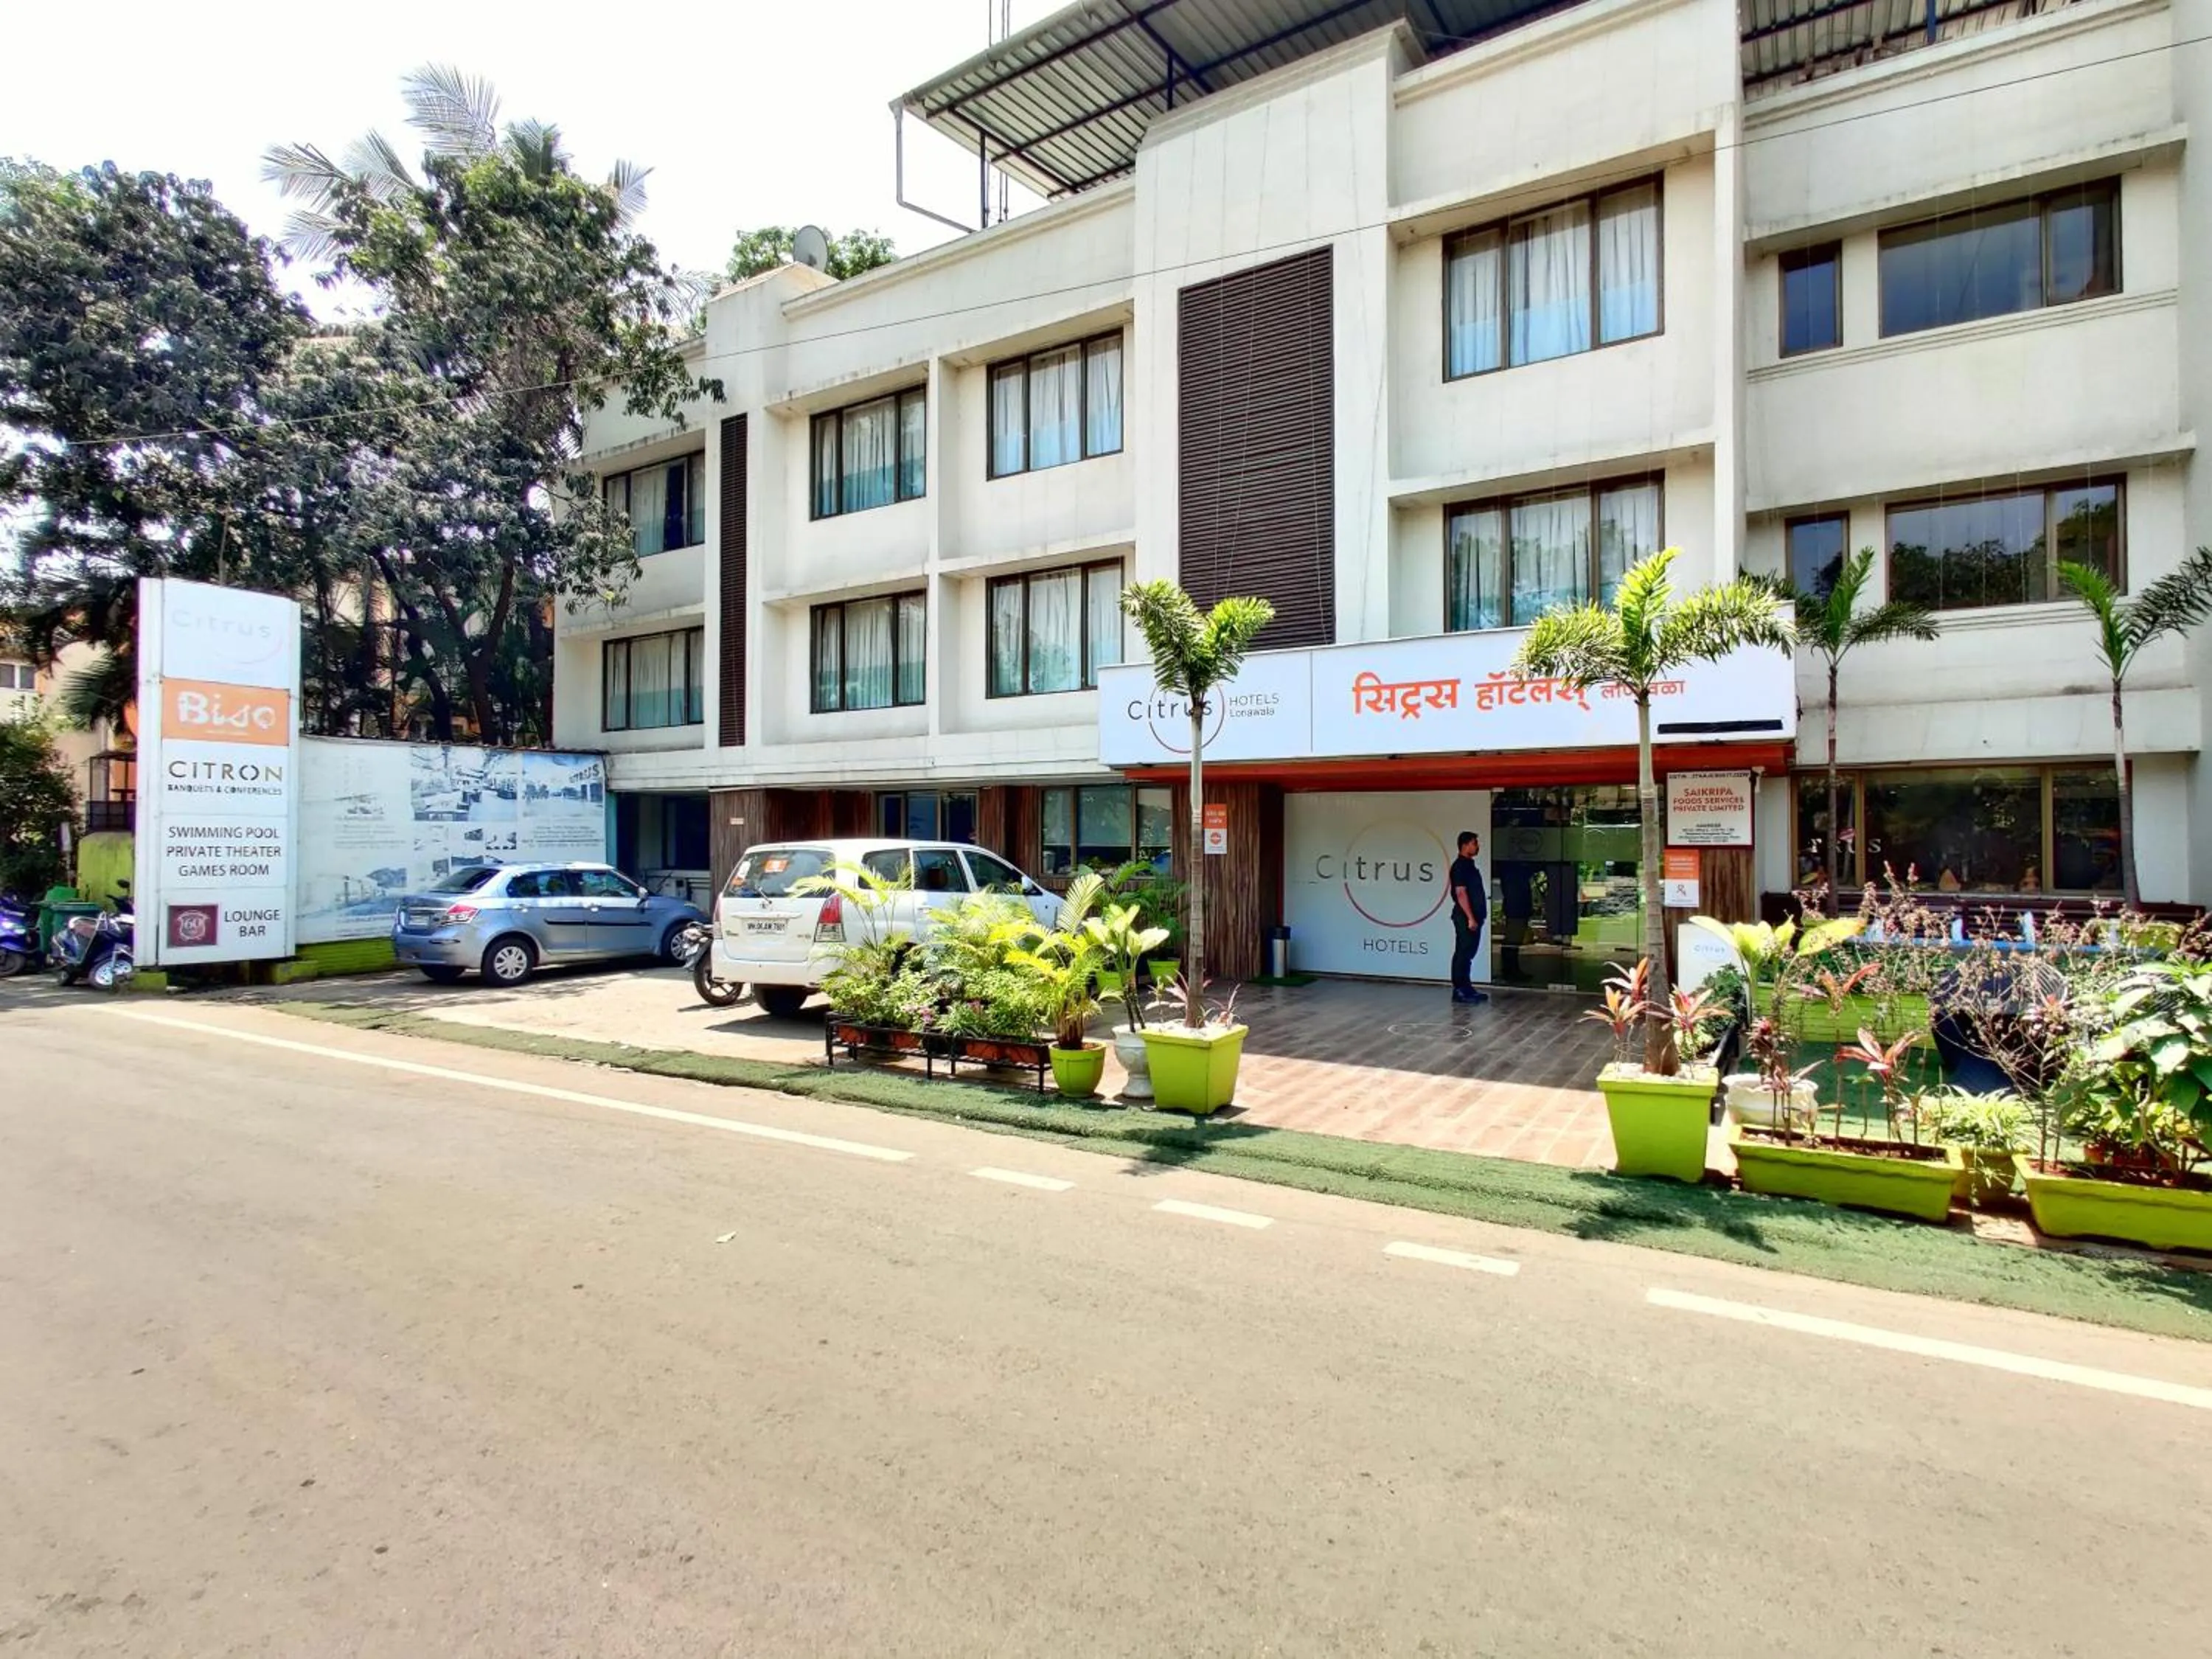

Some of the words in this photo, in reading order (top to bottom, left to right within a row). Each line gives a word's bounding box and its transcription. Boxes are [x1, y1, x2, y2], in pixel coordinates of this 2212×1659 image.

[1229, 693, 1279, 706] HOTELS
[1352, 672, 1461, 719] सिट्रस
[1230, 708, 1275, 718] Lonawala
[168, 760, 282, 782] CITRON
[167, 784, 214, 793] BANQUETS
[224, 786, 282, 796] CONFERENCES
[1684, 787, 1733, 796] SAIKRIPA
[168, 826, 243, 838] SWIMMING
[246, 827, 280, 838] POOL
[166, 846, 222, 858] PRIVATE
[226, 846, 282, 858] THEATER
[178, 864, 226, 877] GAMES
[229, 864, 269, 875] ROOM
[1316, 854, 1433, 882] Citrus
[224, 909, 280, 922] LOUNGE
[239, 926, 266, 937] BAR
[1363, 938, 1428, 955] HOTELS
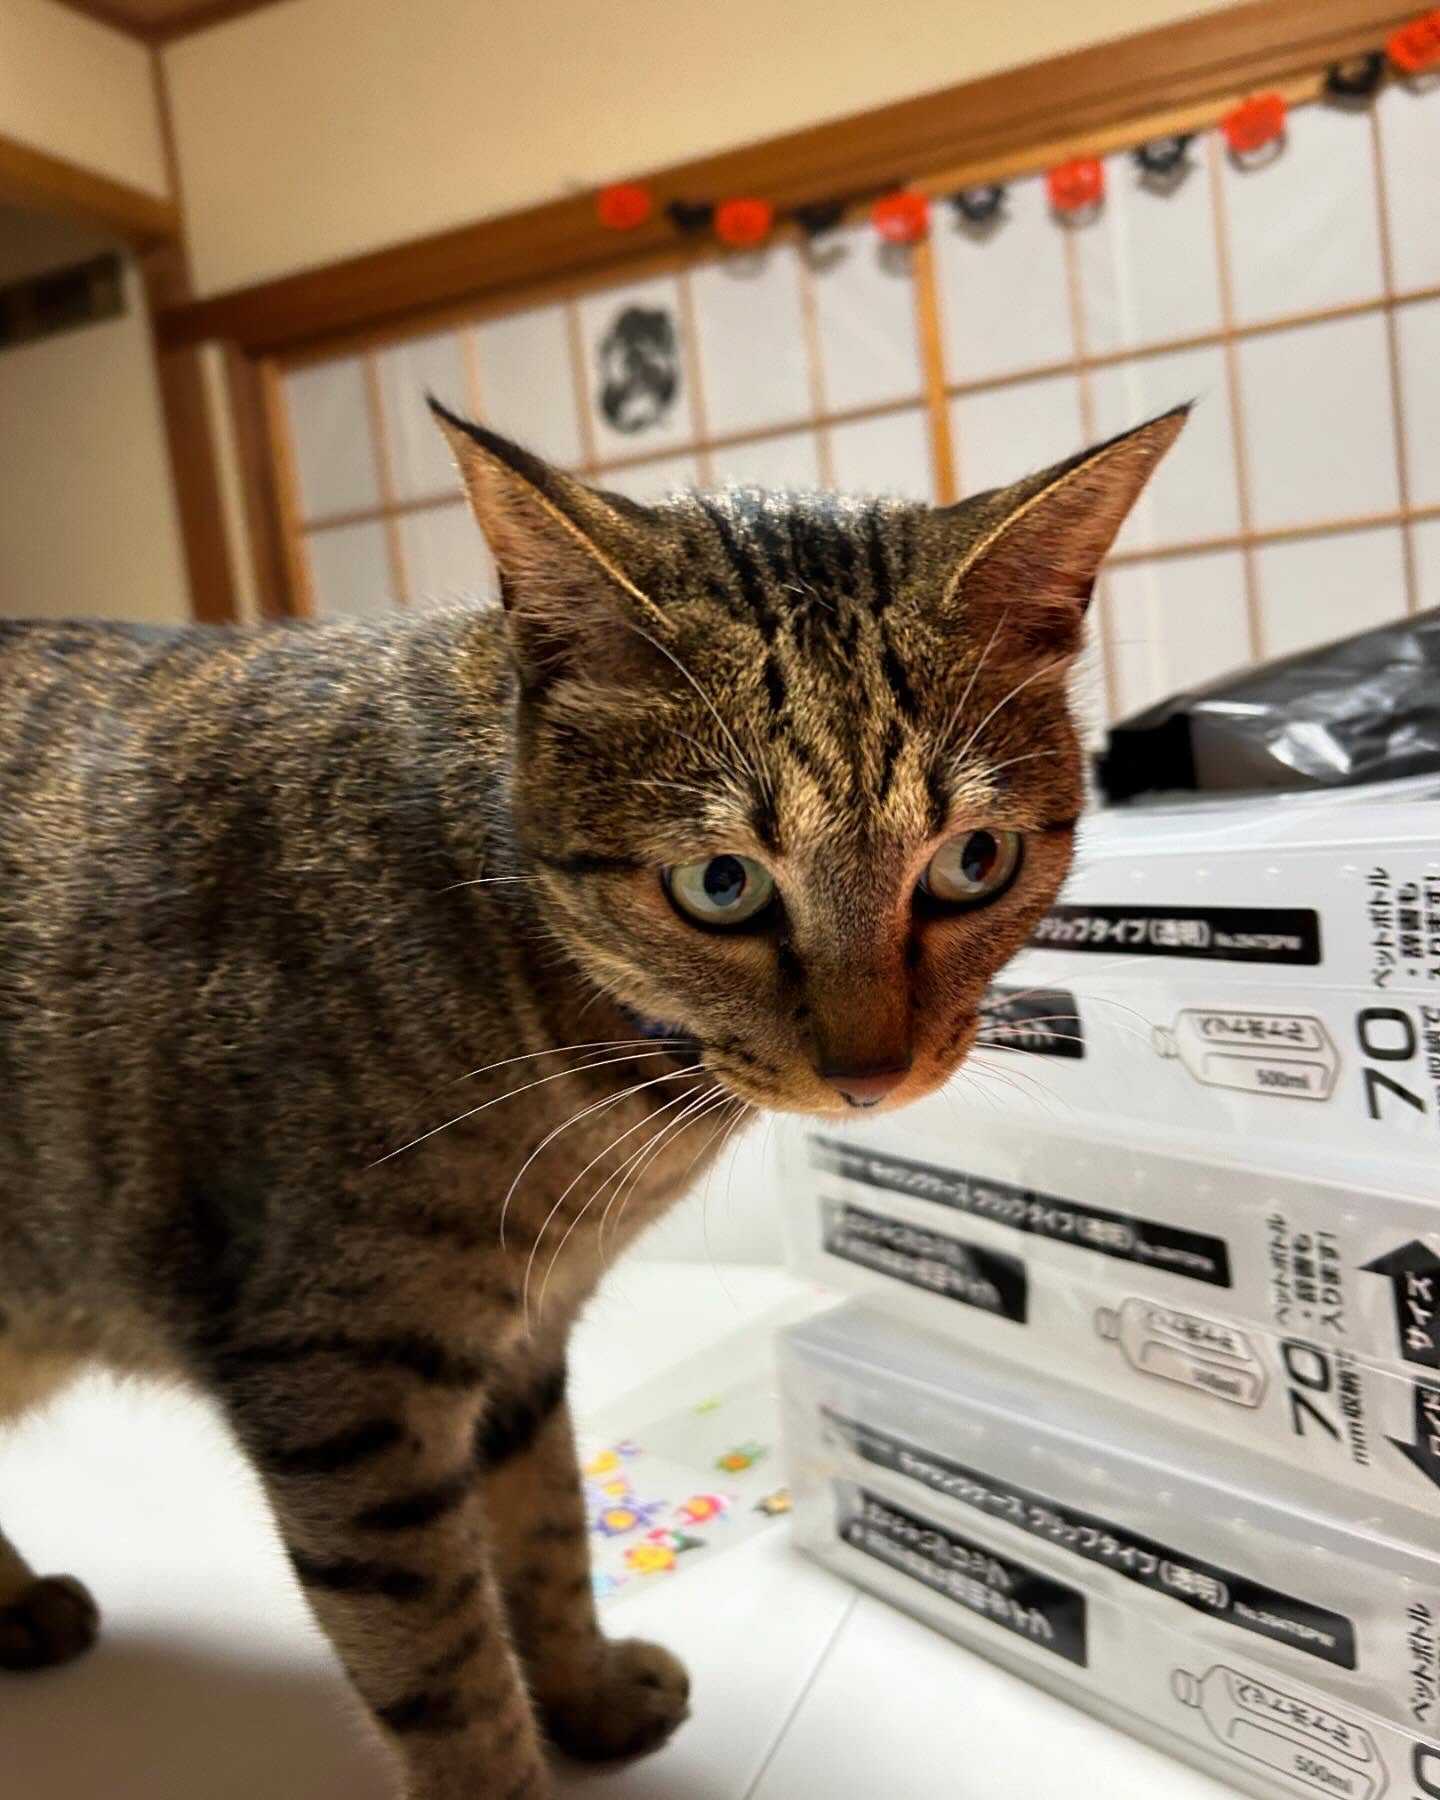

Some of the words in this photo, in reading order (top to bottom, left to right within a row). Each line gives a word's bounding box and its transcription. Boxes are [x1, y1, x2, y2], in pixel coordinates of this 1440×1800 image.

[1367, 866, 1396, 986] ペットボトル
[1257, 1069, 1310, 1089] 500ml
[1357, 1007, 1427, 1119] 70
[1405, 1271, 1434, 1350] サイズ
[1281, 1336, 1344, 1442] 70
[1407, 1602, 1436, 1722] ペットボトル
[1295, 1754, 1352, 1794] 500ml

⁂

Task: Return verbatim each line from the one that mentions "this 1440×1800 image." to the end of the entries, inclusive.

Exercise response:
Some of the words in this photo, in reading order (top to bottom, left to right within a row). Each line gives a word's bounding box and its transcription. Boxes are [x1, y1, x2, y2], in pixel coordinates of this 1440×1800 image.

[1367, 866, 1396, 986] ペットボトル
[1257, 1069, 1310, 1089] 500ml
[1357, 1007, 1427, 1119] 70
[1405, 1271, 1434, 1350] サイズ
[1281, 1336, 1344, 1442] 70
[1407, 1602, 1436, 1722] ペットボトル
[1295, 1754, 1352, 1794] 500ml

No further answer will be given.